Stockholm (HedgeNordic) – After spending many years at one of Norway’s leading investment banks, Oslo-based money managers Kent Torbjørnsen and Ole Christian Presterud joined forces to launch a multi-strategy hedge fund in March of last year. Despite getting off to a great start with a 20 percent advance in March alone, the duo relaunched a lower-risk, less-volatile version of the fund towards the end of 2020 following an ill-timed bet against equity markets. Soon after that, Torbjørnsen and Presterud decided to close down both the fund and the investment management company.
“Unfortunately, Polar Asset Management has decided to close down both the investment fund Polar Value and the management company Polar Asset Management,” Kent Torbjørnsen, the CEO of Polar Asset Management, tells HedgeNordic. “Polar Value was closed in February and the fund capital was paid out to the customers,” he adds. “The background for the decision was that the total assets under management became too low to be able to defend a sensible operation of the company.”
“Unfortunately, Polar Asset Management has decided to close down both the investment fund Polar Value and the management company Polar Asset Management.”
Both Polar Value and the higher-risk Polar Multi Asset relied on a combination of technical analysis of individual securities, bottom-down fundamental analysis and the portfolio management team’s own financial market experience to generate high uncorrelated returns across several asset classes. The investment approach involved shorter-term investments across currencies, fixed income, commodities and equities that could last just a few days.
“The background for the decision was that the total assets under management became too low to be able to defend a sensible operation of the company.”
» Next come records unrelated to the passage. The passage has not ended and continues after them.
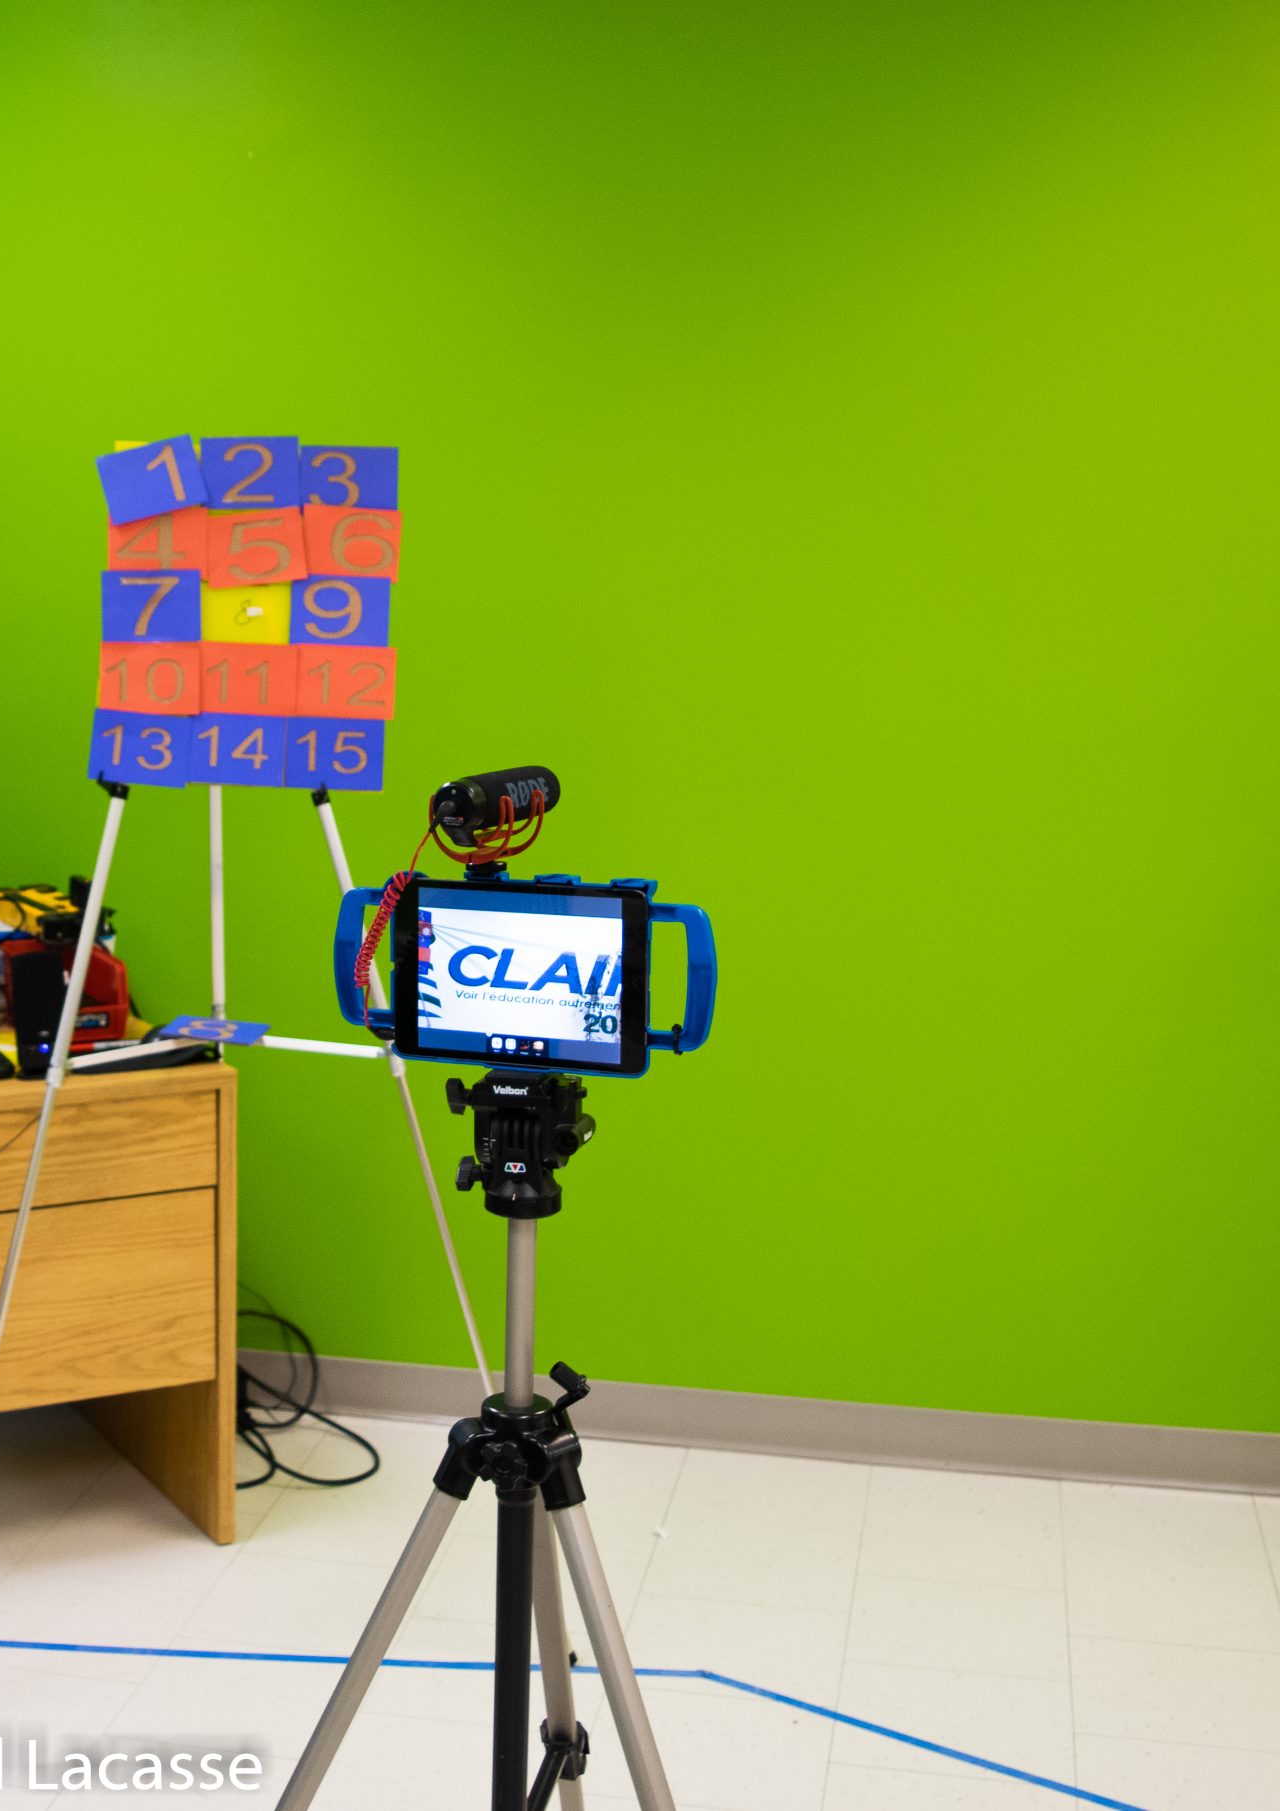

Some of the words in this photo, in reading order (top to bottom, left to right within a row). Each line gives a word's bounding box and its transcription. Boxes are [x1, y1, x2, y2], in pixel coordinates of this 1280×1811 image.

[146, 445, 186, 501] 1
[222, 443, 274, 503] 2
[308, 451, 360, 507] 3
[115, 514, 186, 569] 4
[227, 517, 291, 580] 5
[331, 512, 396, 574] 6
[120, 576, 179, 636] 7
[303, 579, 363, 639] 9
[105, 658, 185, 704] 10
[206, 659, 269, 705] 11
[308, 660, 387, 707] 12
[102, 725, 172, 770] 13
[197, 725, 269, 769] 14
[296, 729, 369, 775] 15
[455, 988, 479, 1000] Voir
[482, 991, 555, 1006] l'éducation
[177, 1020, 239, 1040] 8
[583, 1013, 619, 1035] 20
[492, 1084, 528, 1096] Velbon
Polar Multi Asset gained 20.5 percent in March of last year, its first month of operations, and delivered a cumulative return of 6.4 percent through the end of October when the fund was closed down to launch its lower-risk version under the “Polar Value” name. Polar Value, meanwhile, generated a cumulative return of 9.9 percent since launching in November through its closure in February this year.
“We must acknowledge that multi-asset funds have been difficult to sell in competition with a huge number of equity funds and their salesforce.”
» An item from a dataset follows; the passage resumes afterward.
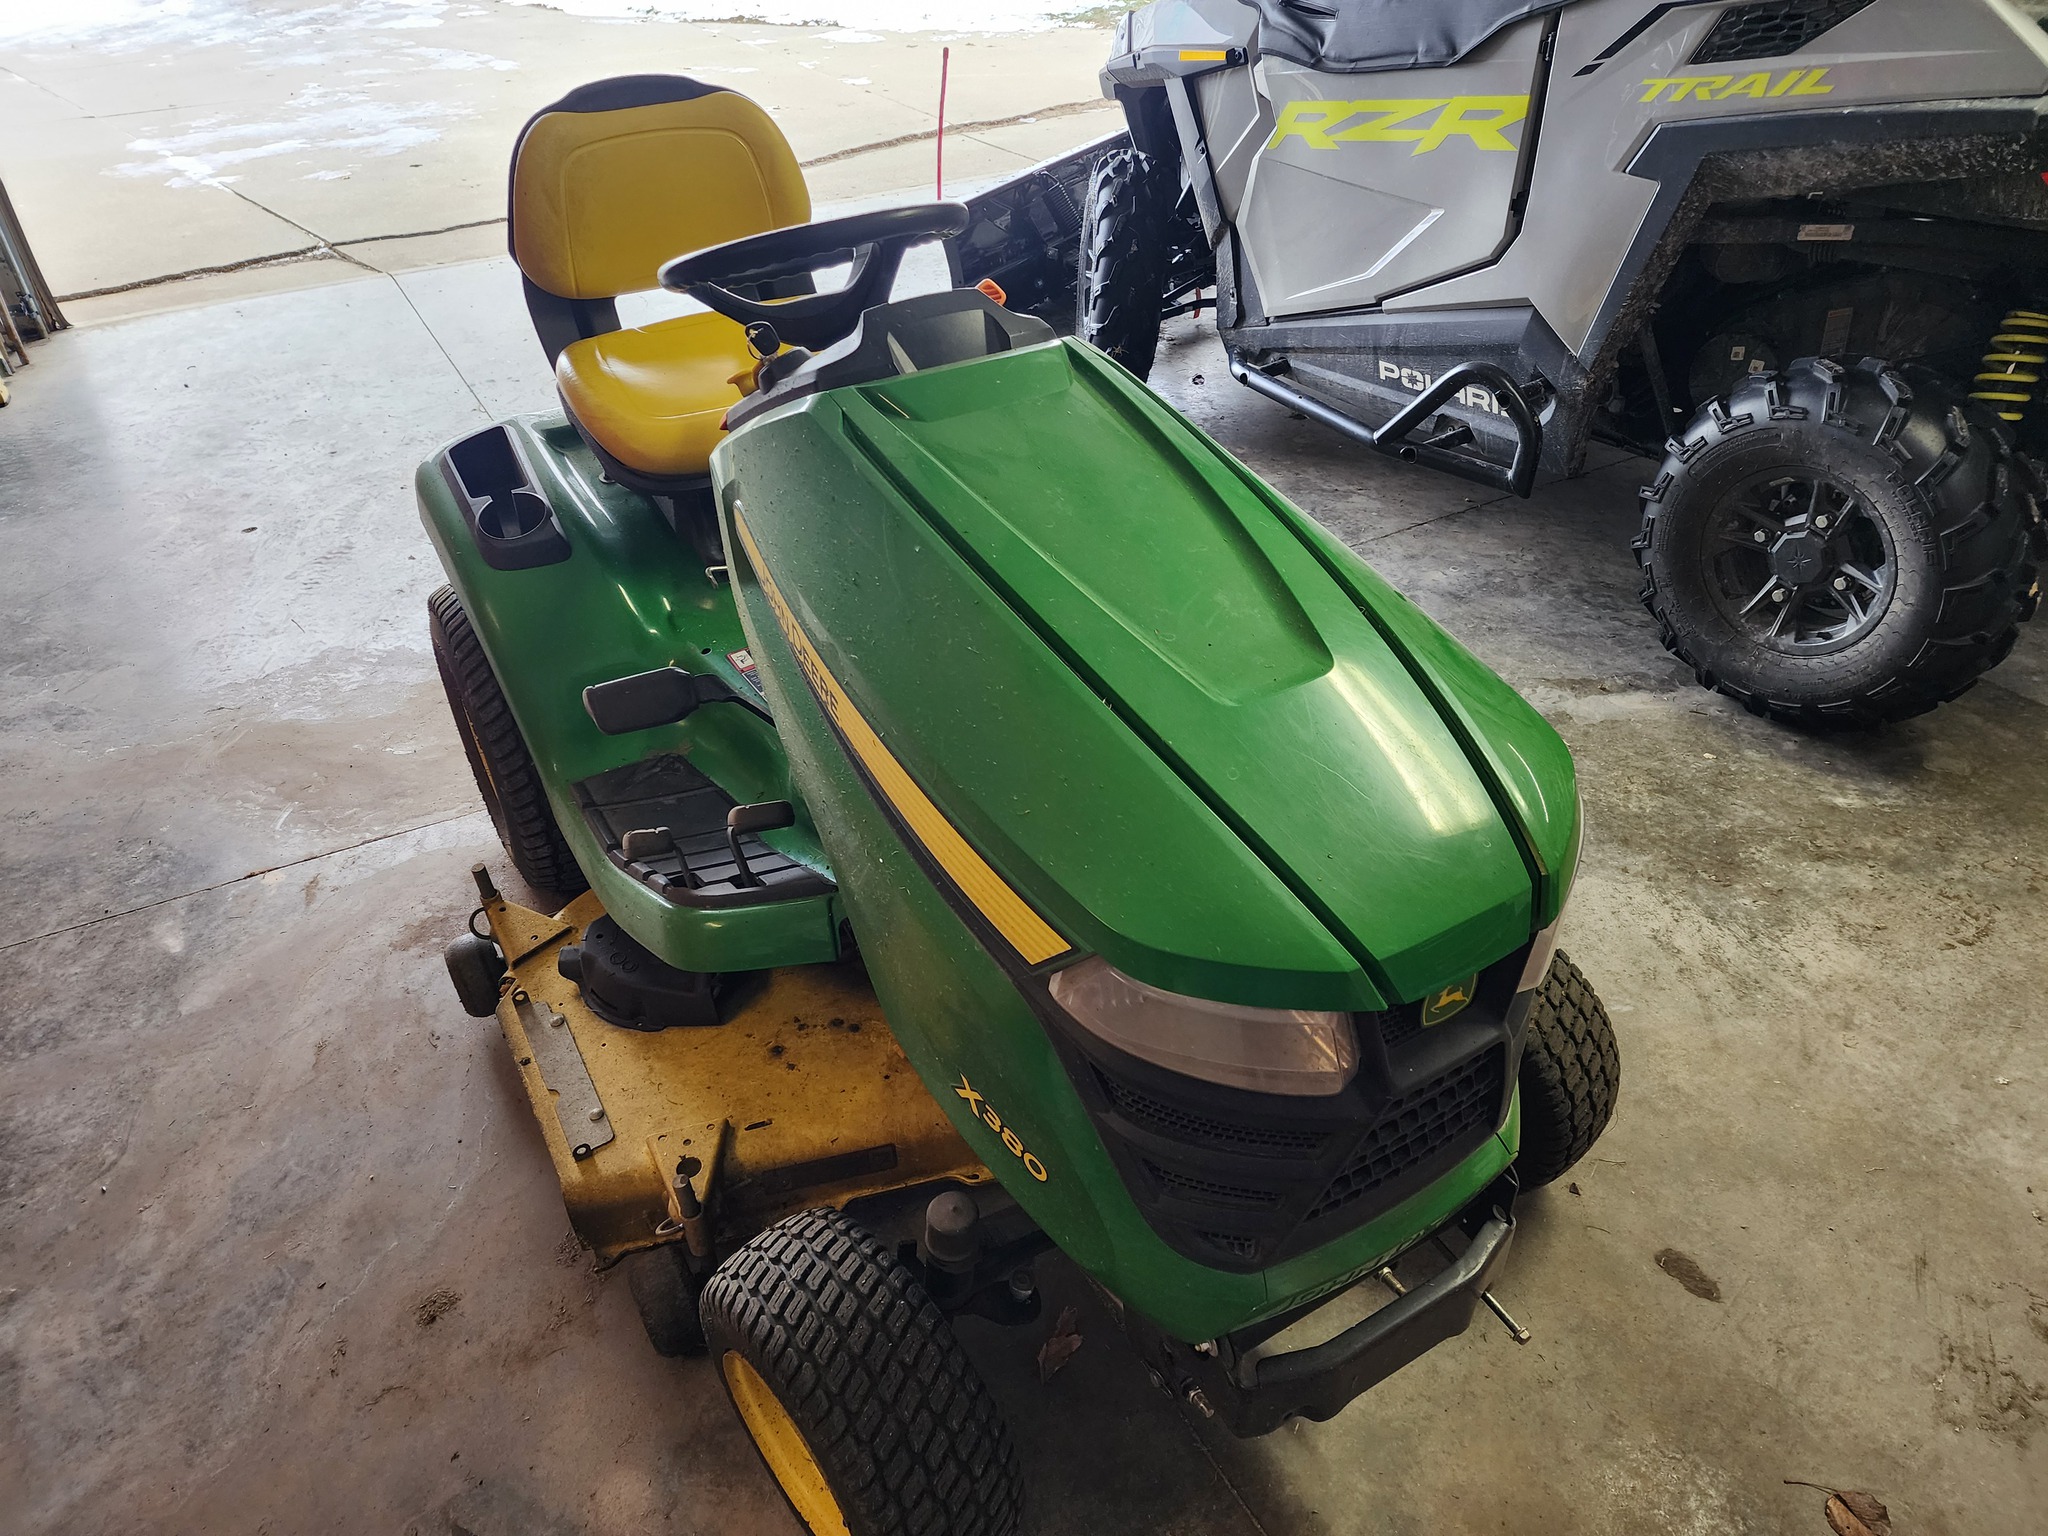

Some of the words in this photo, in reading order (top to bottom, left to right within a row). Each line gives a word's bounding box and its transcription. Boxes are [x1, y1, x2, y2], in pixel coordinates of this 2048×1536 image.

[1269, 94, 1531, 154] RZR
[1640, 68, 1833, 101] TRAIL
[791, 621, 840, 721] DEERE
[953, 1070, 1049, 1183] X380
“As a fund manager, we knew that there is extensive competition for investment capital, but here in Norway, we must acknowledge that multi-asset funds have been difficult to sell in competition with a huge number of equity funds and their salesforce,” Torbjørnsen comments on the decision to close Polar Value and the fund management company, Polar Asset Management. The duo’s desire to provide a new multi-asset, multi-strategy fund that would act as a diversifying pillar in many Norwegian investors’ relatively undiversified portfolios has come to an end, for now.